§ **WHAT THE TASK ASKS**:
Retype each entry below exactly. Do not carry any image over.

§ **DATA FOR THE TASK**:

--- START ---

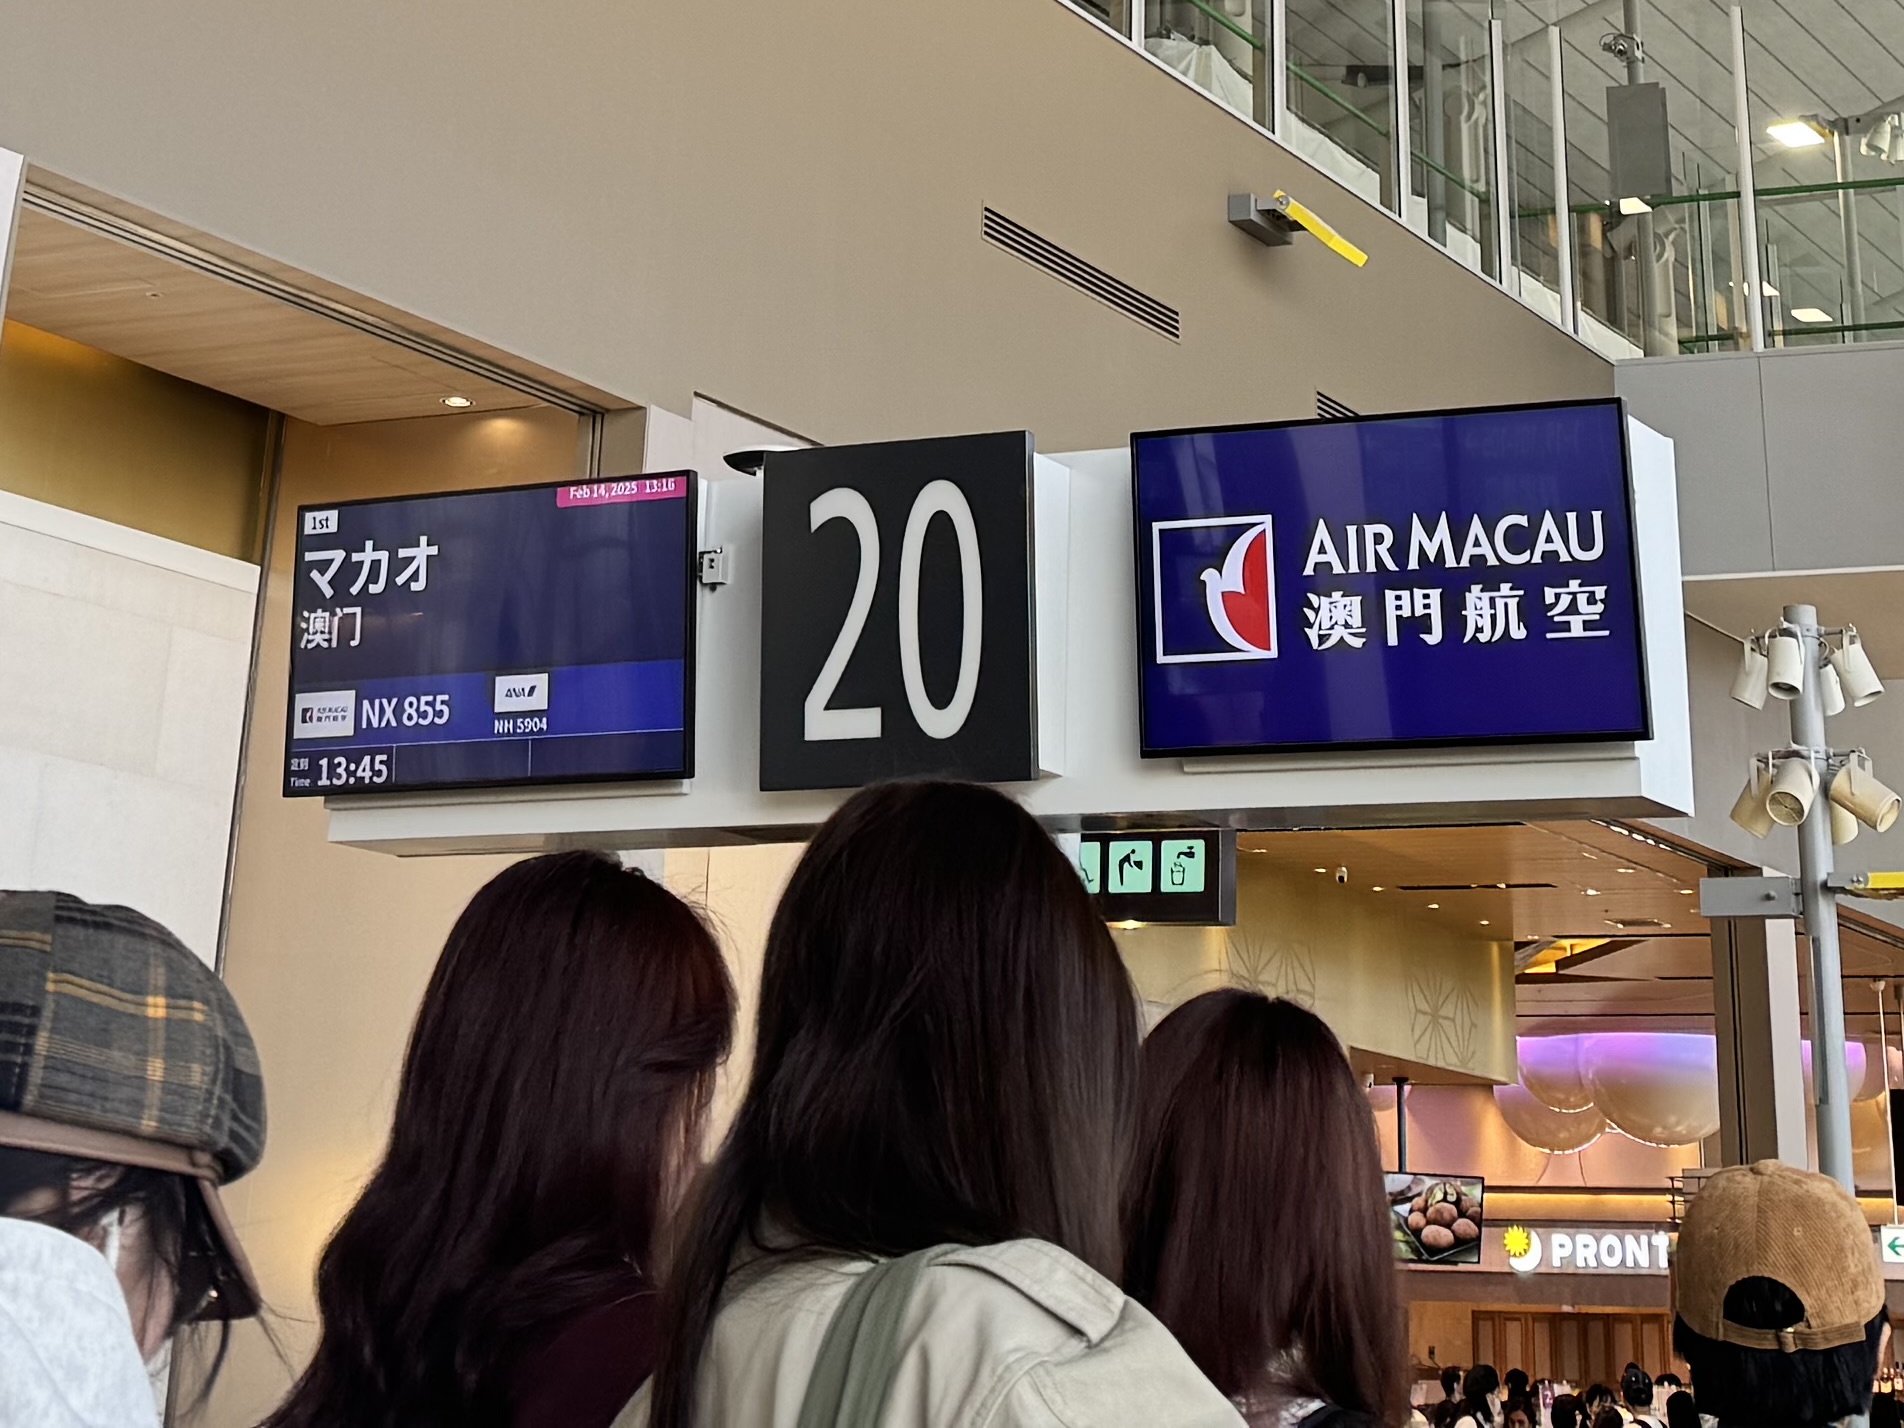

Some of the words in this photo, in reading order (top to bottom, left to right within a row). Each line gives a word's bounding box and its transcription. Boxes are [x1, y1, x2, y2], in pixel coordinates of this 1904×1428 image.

[570, 485, 590, 500] Feb
[311, 515, 331, 531] 1st
[1302, 517, 1400, 576] AIR
[1406, 509, 1604, 571] MACAU
[304, 535, 438, 599] マカオ
[299, 606, 363, 650] 澳门
[804, 479, 983, 741] 20
[1302, 579, 1611, 651] 澳門航空
[361, 697, 398, 729] NX
[402, 694, 450, 727] 855
[494, 718, 513, 734] NH
[516, 717, 547, 733] 5904
[317, 754, 388, 787] 13:45

--- END ---

§ **ANSWER BOX**:
Some of the words in this photo, in reading order (top to bottom, left to right within a row). Each line gives a word's bounding box and its transcription. Boxes are [x1, y1, x2, y2], in pixel coordinates of this 1904×1428 image.

[570, 485, 590, 500] Feb
[311, 515, 331, 531] 1st
[1302, 517, 1400, 576] AIR
[1406, 509, 1604, 571] MACAU
[304, 535, 438, 599] マカオ
[299, 606, 363, 650] 澳门
[804, 479, 983, 741] 20
[1302, 579, 1611, 651] 澳門航空
[361, 697, 398, 729] NX
[402, 694, 450, 727] 855
[494, 718, 513, 734] NH
[516, 717, 547, 733] 5904
[317, 754, 388, 787] 13:45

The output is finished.